Levan Berianidze

Personal information
- Nationality: Georgian Armenian
- Born: 10 October 1990 (age 35) Tbilisi, Georgia
- Height: 1.84 m (6 ft 1⁄2 in)
- Weight: 120 kg (260 lb)

Sport
- Sport: Wrestling
- Event: Freestyle

Medal record
Men's Freestyle wrestling
Representing Armenia
World Championships
| Bronze medal – third place | 2015 Las Vegas | 125 kg |
| Bronze medal – third place | 2017 Paris | 125 kg |
European Championships
| Bronze medal – third place | 2017 Novi Sad | 125 kg |
Grand Prix
| Gold medal – first place | 2015 Vanadzor | 125 kg |
| Gold medal – first place | 2017 Vanadzor | 125 kg |
| Bronze medal – third place | 2016 Vanadzor | 125 kg |
Representing Georgia
World Championships
| Bronze medal – third place | 2010 Moscow | 120 kg |
Golden Grand Prix
| Silver medal – second place | 2010 Tbilisi | 120 kg |
| Bronze medal – third place | 2010 Baku | 120 kg |
Grand Prix
| Bronze medal – third place | 2011 Tbilisi | 120 kg |

= Levan Berianidze =

Georgian-Armenian freestyle wrestler

Levan Berianidze (ლევან ბერიანიძე; born 10 October 1990 in Tbilisi) is a Georgian-Armenian male freestyle wrestler.

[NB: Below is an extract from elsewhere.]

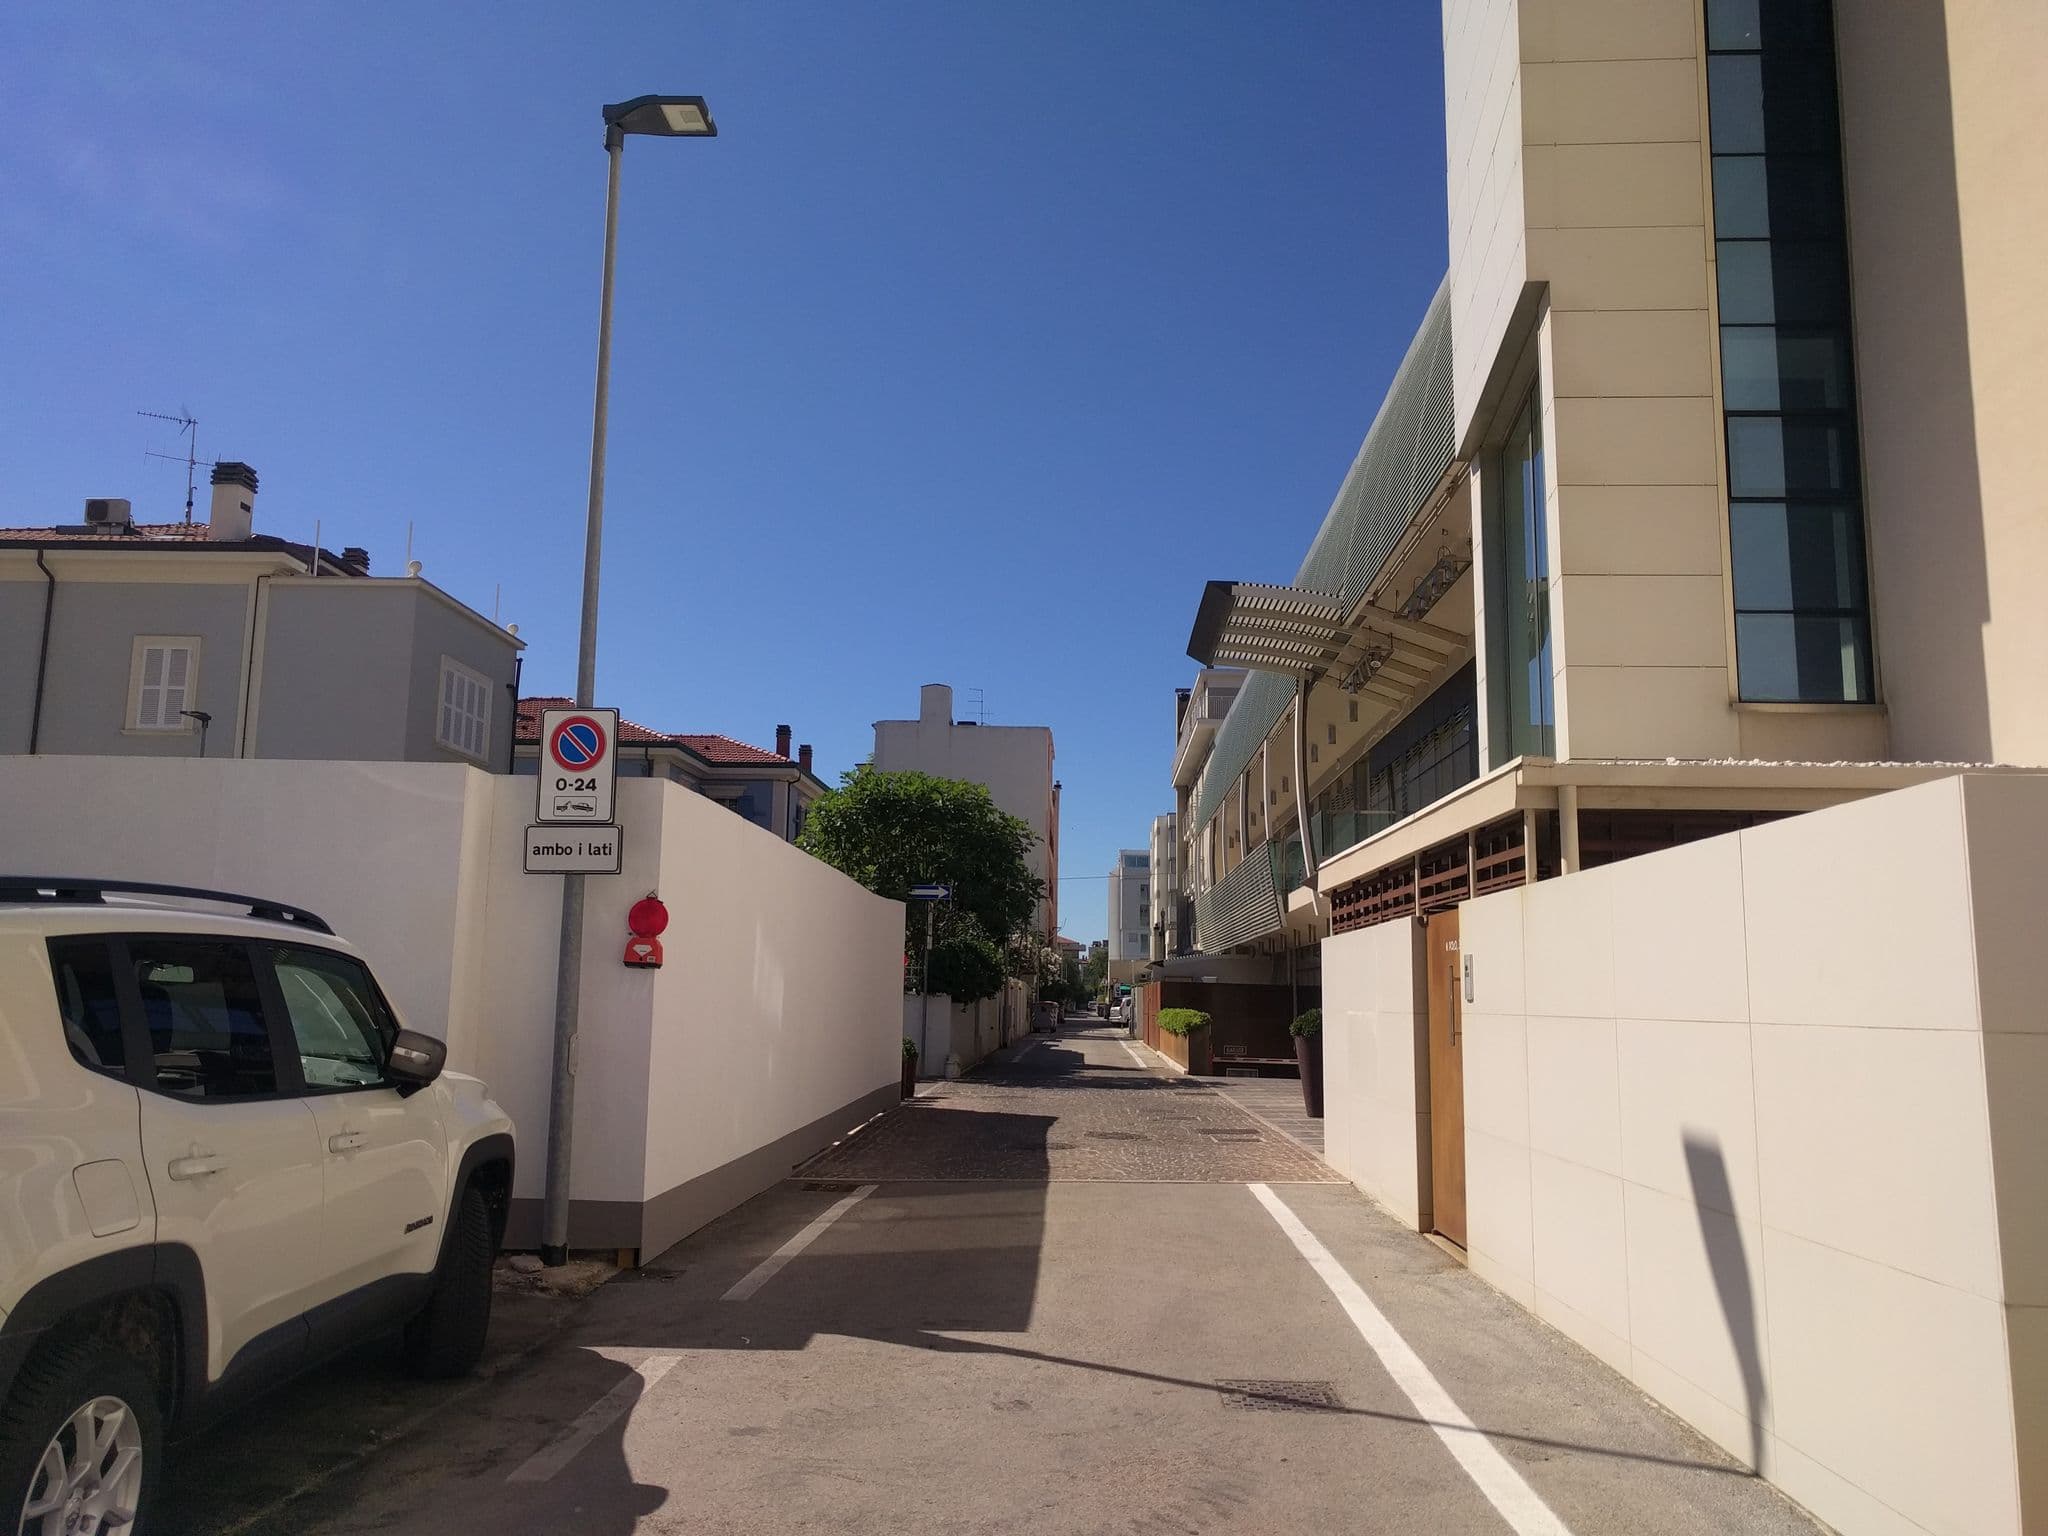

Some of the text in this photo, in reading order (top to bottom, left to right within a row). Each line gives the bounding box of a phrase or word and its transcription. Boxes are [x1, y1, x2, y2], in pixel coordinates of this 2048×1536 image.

He won a bronze medal for Georgia at the 2010 World Wrestling Championships in Moscow. In 2011 he won the gold medal in Beach Wrestling. On 26 November 2014, Berianidze was given Armenian citizenship and freed from service in the Armenian army. Berianidze competed for Armenia at the 2016 Summer Olympics in Rio. He won a bronze medal for Armenia at the 2017 World Wrestling Championships in Paris and in European Wrestling Championship in Serbia. Besides, Levan won the European Sumo Championship in 2013 in Germany and got a silver medal at the 2014 European Sumo Championship in Bulgaria.